Directions for this task: Each record below should be repeated precisely as written.
━━━━━ Source material
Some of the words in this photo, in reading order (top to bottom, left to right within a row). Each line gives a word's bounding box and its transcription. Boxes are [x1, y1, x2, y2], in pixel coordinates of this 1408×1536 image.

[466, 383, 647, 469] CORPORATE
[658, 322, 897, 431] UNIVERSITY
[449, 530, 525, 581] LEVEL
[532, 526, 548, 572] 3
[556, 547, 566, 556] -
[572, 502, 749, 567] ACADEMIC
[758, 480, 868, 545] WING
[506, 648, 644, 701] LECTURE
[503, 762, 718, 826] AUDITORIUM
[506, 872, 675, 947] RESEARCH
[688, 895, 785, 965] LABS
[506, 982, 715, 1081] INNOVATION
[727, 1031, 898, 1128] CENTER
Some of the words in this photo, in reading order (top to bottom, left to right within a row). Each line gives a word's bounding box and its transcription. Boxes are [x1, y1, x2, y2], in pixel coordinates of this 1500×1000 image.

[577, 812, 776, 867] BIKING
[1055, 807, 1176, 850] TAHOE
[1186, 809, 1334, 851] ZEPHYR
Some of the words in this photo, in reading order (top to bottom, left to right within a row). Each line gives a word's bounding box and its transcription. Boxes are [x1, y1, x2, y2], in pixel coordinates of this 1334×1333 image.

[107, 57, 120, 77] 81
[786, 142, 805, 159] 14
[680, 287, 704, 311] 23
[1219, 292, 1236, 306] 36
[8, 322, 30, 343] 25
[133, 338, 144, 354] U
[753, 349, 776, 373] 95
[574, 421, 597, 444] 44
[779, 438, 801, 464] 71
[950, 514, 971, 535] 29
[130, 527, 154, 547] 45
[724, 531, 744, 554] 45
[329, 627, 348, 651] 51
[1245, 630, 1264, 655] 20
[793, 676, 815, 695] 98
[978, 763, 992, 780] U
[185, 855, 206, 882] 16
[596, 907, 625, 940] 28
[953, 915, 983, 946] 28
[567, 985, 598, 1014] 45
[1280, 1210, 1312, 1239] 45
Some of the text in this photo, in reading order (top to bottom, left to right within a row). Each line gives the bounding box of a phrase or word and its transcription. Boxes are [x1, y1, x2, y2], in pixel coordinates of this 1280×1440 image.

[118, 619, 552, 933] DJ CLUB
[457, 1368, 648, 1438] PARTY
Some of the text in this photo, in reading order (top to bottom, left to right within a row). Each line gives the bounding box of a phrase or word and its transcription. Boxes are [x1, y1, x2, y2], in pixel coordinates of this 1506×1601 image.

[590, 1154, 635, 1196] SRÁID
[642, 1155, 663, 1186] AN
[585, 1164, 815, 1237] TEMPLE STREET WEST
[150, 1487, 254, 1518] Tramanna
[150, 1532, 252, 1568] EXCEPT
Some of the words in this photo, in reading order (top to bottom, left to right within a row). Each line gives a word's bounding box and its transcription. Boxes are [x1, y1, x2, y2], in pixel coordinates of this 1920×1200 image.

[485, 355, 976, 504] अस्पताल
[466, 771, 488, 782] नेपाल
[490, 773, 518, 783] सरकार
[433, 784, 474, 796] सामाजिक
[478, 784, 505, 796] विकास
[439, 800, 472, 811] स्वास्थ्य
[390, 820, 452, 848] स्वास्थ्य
━━━━━━━━━━
Completed task:
Some of the words in this photo, in reading order (top to bottom, left to right within a row). Each line gives a word's bounding box and its transcription. Boxes are [x1, y1, x2, y2], in pixel coordinates of this 1408×1536 image.

[466, 383, 647, 469] CORPORATE
[658, 322, 897, 431] UNIVERSITY
[449, 530, 525, 581] LEVEL
[532, 526, 548, 572] 3
[556, 547, 566, 556] -
[572, 502, 749, 567] ACADEMIC
[758, 480, 868, 545] WING
[506, 648, 644, 701] LECTURE
[503, 762, 718, 826] AUDITORIUM
[506, 872, 675, 947] RESEARCH
[688, 895, 785, 965] LABS
[506, 982, 715, 1081] INNOVATION
[727, 1031, 898, 1128] CENTER
Some of the words in this photo, in reading order (top to bottom, left to right within a row). Each line gives a word's bounding box and its transcription. Boxes are [x1, y1, x2, y2], in pixel coordinates of this 1500×1000 image.

[577, 812, 776, 867] BIKING
[1055, 807, 1176, 850] TAHOE
[1186, 809, 1334, 851] ZEPHYR
Some of the words in this photo, in reading order (top to bottom, left to right within a row). Each line gives a word's bounding box and its transcription. Boxes are [x1, y1, x2, y2], in pixel coordinates of this 1334×1333 image.

[107, 57, 120, 77] 81
[786, 142, 805, 159] 14
[680, 287, 704, 311] 23
[1219, 292, 1236, 306] 36
[8, 322, 30, 343] 25
[133, 338, 144, 354] U
[753, 349, 776, 373] 95
[574, 421, 597, 444] 44
[779, 438, 801, 464] 71
[950, 514, 971, 535] 29
[130, 527, 154, 547] 45
[724, 531, 744, 554] 45
[329, 627, 348, 651] 51
[1245, 630, 1264, 655] 20
[793, 676, 815, 695] 98
[978, 763, 992, 780] U
[185, 855, 206, 882] 16
[596, 907, 625, 940] 28
[953, 915, 983, 946] 28
[567, 985, 598, 1014] 45
[1280, 1210, 1312, 1239] 45
Some of the text in this photo, in reading order (top to bottom, left to right within a row). Each line gives the bounding box of a phrase or word and its transcription. Boxes are [x1, y1, x2, y2], in pixel coordinates of this 1280×1440 image.

[118, 619, 552, 933] DJ CLUB
[457, 1368, 648, 1438] PARTY
Some of the text in this photo, in reading order (top to bottom, left to right within a row). Each line gives the bounding box of a phrase or word and its transcription. Boxes are [x1, y1, x2, y2], in pixel coordinates of this 1506×1601 image.

[590, 1154, 635, 1196] SRÁID
[642, 1155, 663, 1186] AN
[585, 1164, 815, 1237] TEMPLE STREET WEST
[150, 1487, 254, 1518] Tramanna
[150, 1532, 252, 1568] EXCEPT
Some of the words in this photo, in reading order (top to bottom, left to right within a row). Each line gives a word's bounding box and its transcription. Boxes are [x1, y1, x2, y2], in pixel coordinates of this 1920×1200 image.

[485, 355, 976, 504] अस्पताल
[466, 771, 488, 782] नेपाल
[490, 773, 518, 783] सरकार
[433, 784, 474, 796] सामाजिक
[478, 784, 505, 796] विकास
[439, 800, 472, 811] स्वास्थ्य
[390, 820, 452, 848] स्वास्थ्य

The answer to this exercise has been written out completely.